Gustavo Castillo García

La Interdicción Marítima es “doctrina aplicada, resultado de planeamiento detallado, inteligencia naval y adiestramiento constante”, con lo cual se ponen en marcha un conjunto de operaciones tácticas y de guardia costera ejecutadas de manera permanente para vigilar las Zonas Marinas Mexicanas e interceptar embarcaciones vinculadas al contrabando, tráfico de estupefacientes y crimen organizado antes de que alcancen las costas, informó la Secretaría de Marina-Armada de México (Semar).

Estas acciones son realizadas por la Unidad de Operaciones Especiales y elementos del Batallón de Fusileros Paracaidistas, ya que “la protección de los intereses marítimos exigen una respuesta inmediata e interoperable”.

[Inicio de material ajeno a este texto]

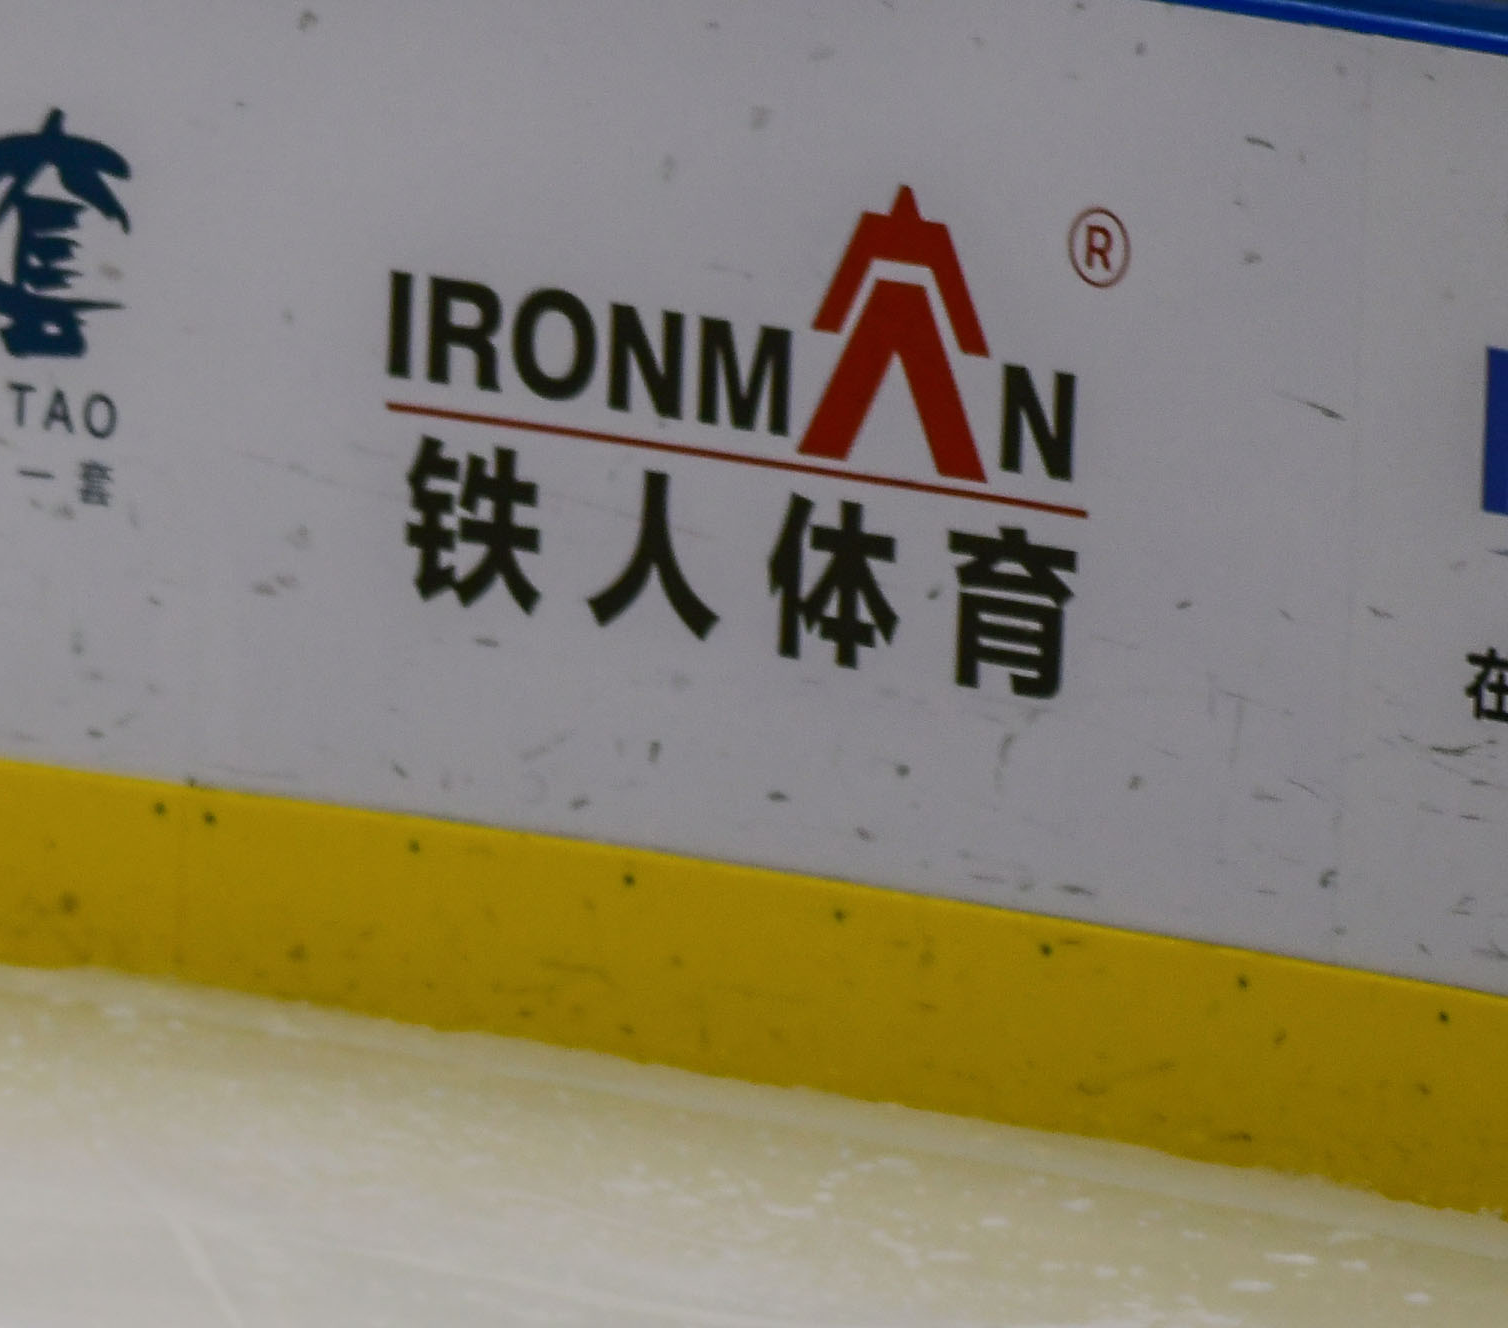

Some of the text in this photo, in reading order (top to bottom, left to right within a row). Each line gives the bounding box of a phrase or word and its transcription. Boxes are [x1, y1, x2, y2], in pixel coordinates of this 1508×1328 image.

[8, 380, 118, 440] TAO
[385, 184, 1078, 484] IRONMAN
[403, 434, 1078, 703] 铁人体育
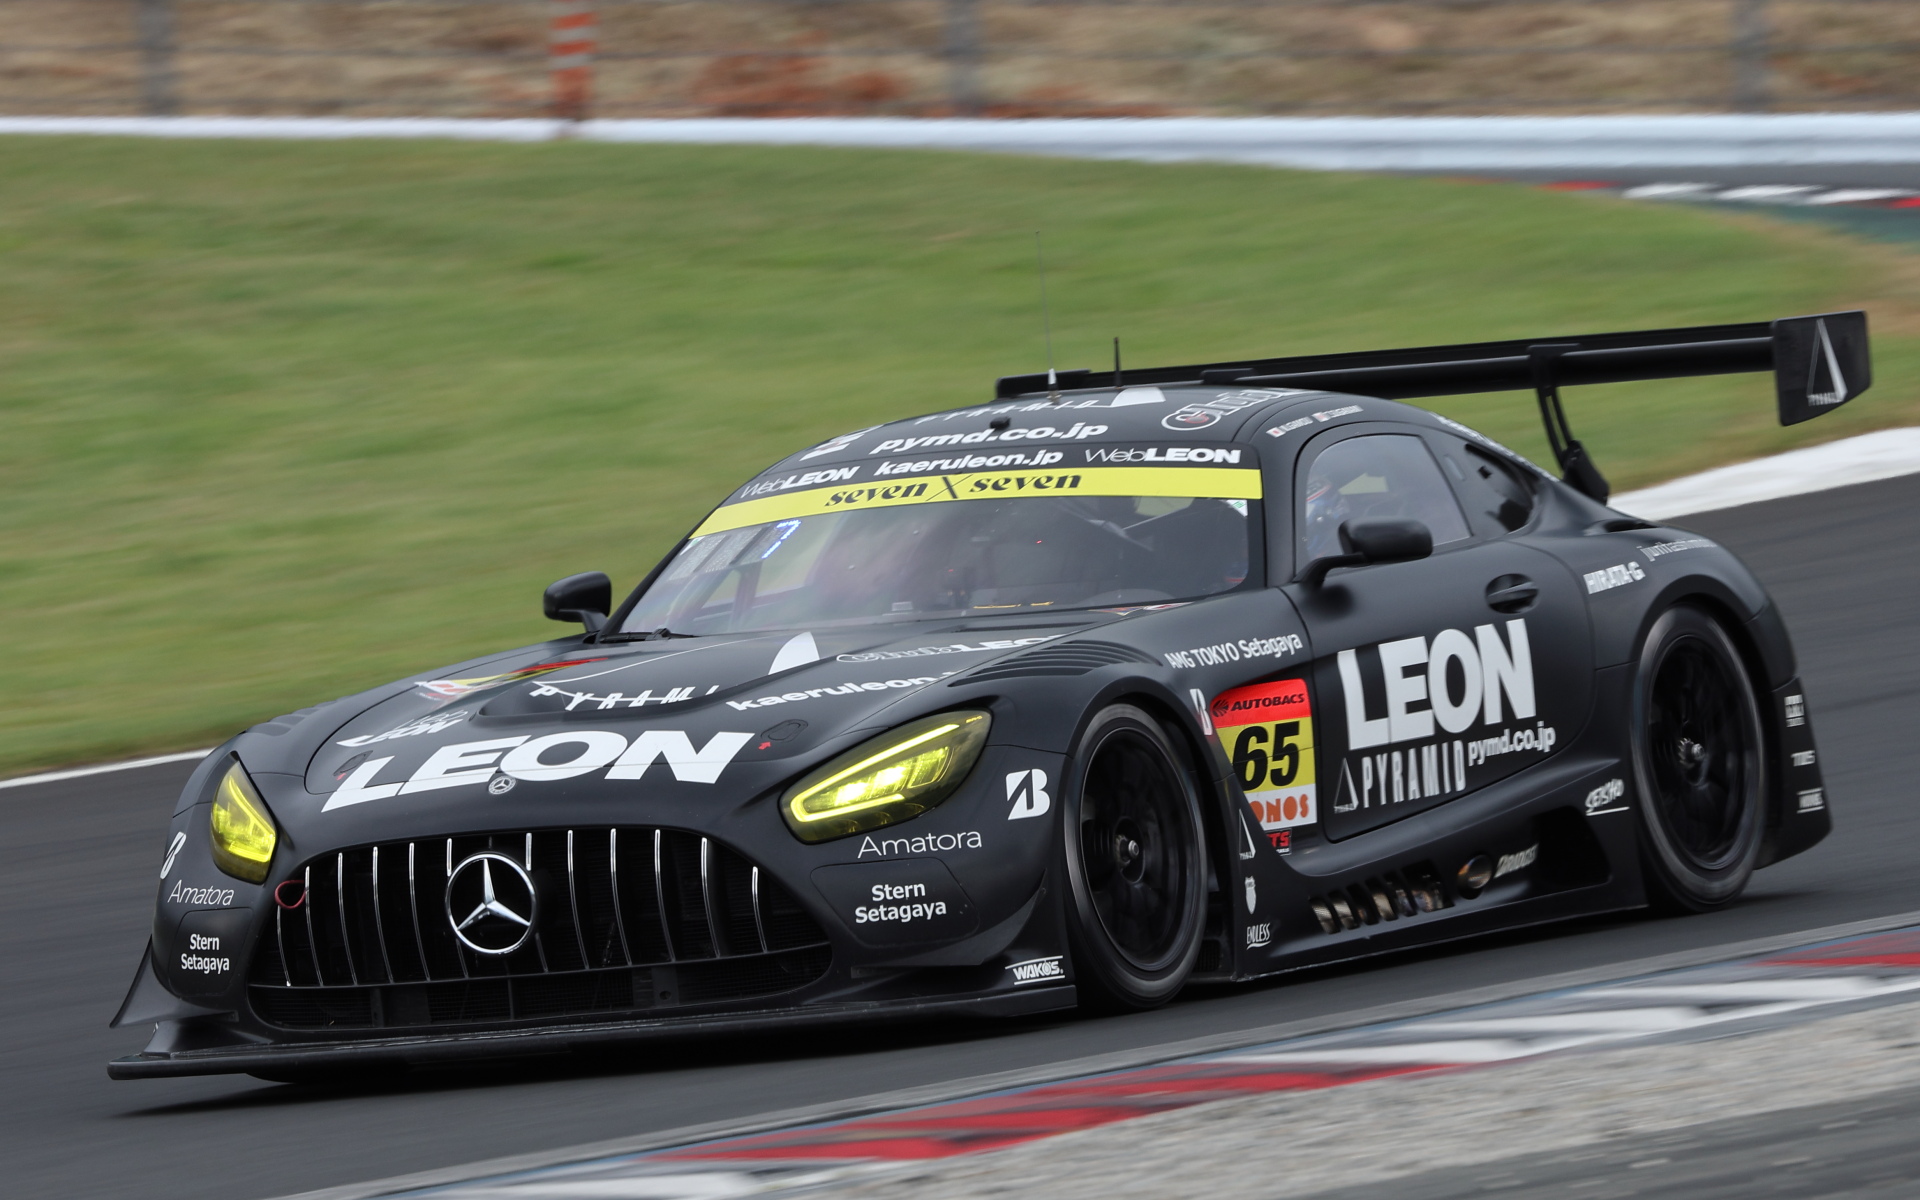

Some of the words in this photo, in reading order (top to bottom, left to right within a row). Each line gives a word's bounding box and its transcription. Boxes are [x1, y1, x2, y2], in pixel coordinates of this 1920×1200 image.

[868, 421, 1109, 456] pymd.co.jp
[873, 448, 1065, 478] kaeruleon.jp
[1085, 447, 1242, 465] WebLEON
[740, 465, 861, 500] WebLEON
[824, 482, 930, 507] seven
[969, 473, 1083, 494] seven
[1164, 651, 1197, 670] AMG
[1194, 641, 1240, 667] TOKYO
[1237, 632, 1303, 660] Setagaya
[529, 682, 720, 712] PYRAMI
[726, 671, 963, 711] kaeruleon.
[1337, 618, 1536, 751] LEON
[1230, 693, 1306, 712] AUTOBACS
[1232, 720, 1300, 793] 65
[1467, 720, 1556, 767] pymd.co.jp
[321, 729, 756, 813] LEON
[1361, 740, 1466, 809] PYRAMID
[1249, 793, 1310, 825] ONOS
[858, 831, 982, 859] Amatora
[167, 879, 235, 906] Amatora
[871, 882, 926, 902] Stern
[855, 901, 947, 924] Setagaya
[189, 933, 220, 951] Stern
[1246, 922, 1271, 944] ENDLESS
[181, 953, 230, 975] Setagaya
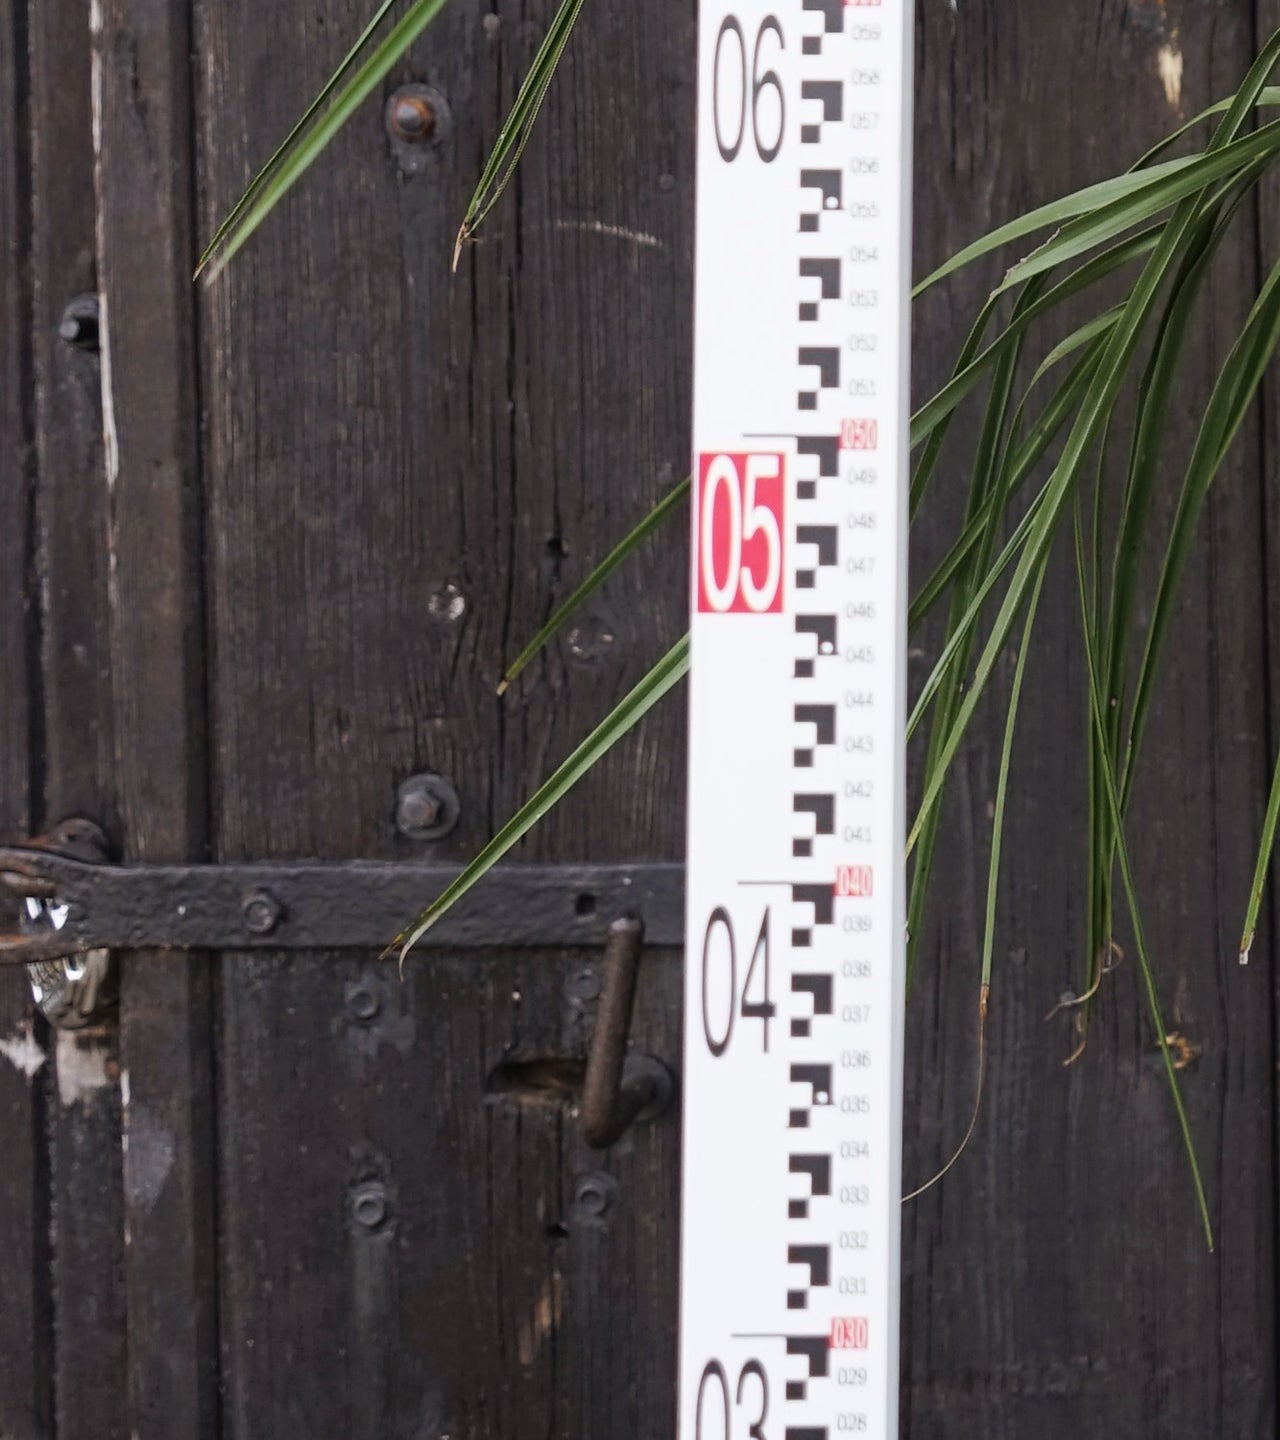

De esa manera la Semar “proyecta su Poder Naval en el mar, en el aire y en la tierra como el instrumento para coadyuvar en el orden, la paz y la seguridad interior del país, y sus unidades de superficie y aeronaves representan la capacidad tecnológica para neutralizar amenazas transnacionales y disuadir la impunidad en aguas nacionales”.

Las maniobras incluyen “enganche, abordaje e inserción por soga rápida (…) que requiere sincronización milimétrica y velocidad para anular el margen de error bajo condiciones hostiles, por ello el adiestramiento para este tipo de operaciones se desarrolla de manera progresiva, iniciando en tierra y posteriormente integrándose a escenarios operativos en unidades marítimas y aéreas”, señaló la Semar.

El entrenamiento que se imparte al personal requiere de práctica de maniobras de aproximación, persecución e intercepción de embarcaciones, así como procedimientos de visita, inspección y aseguramiento de objetivos marítimos.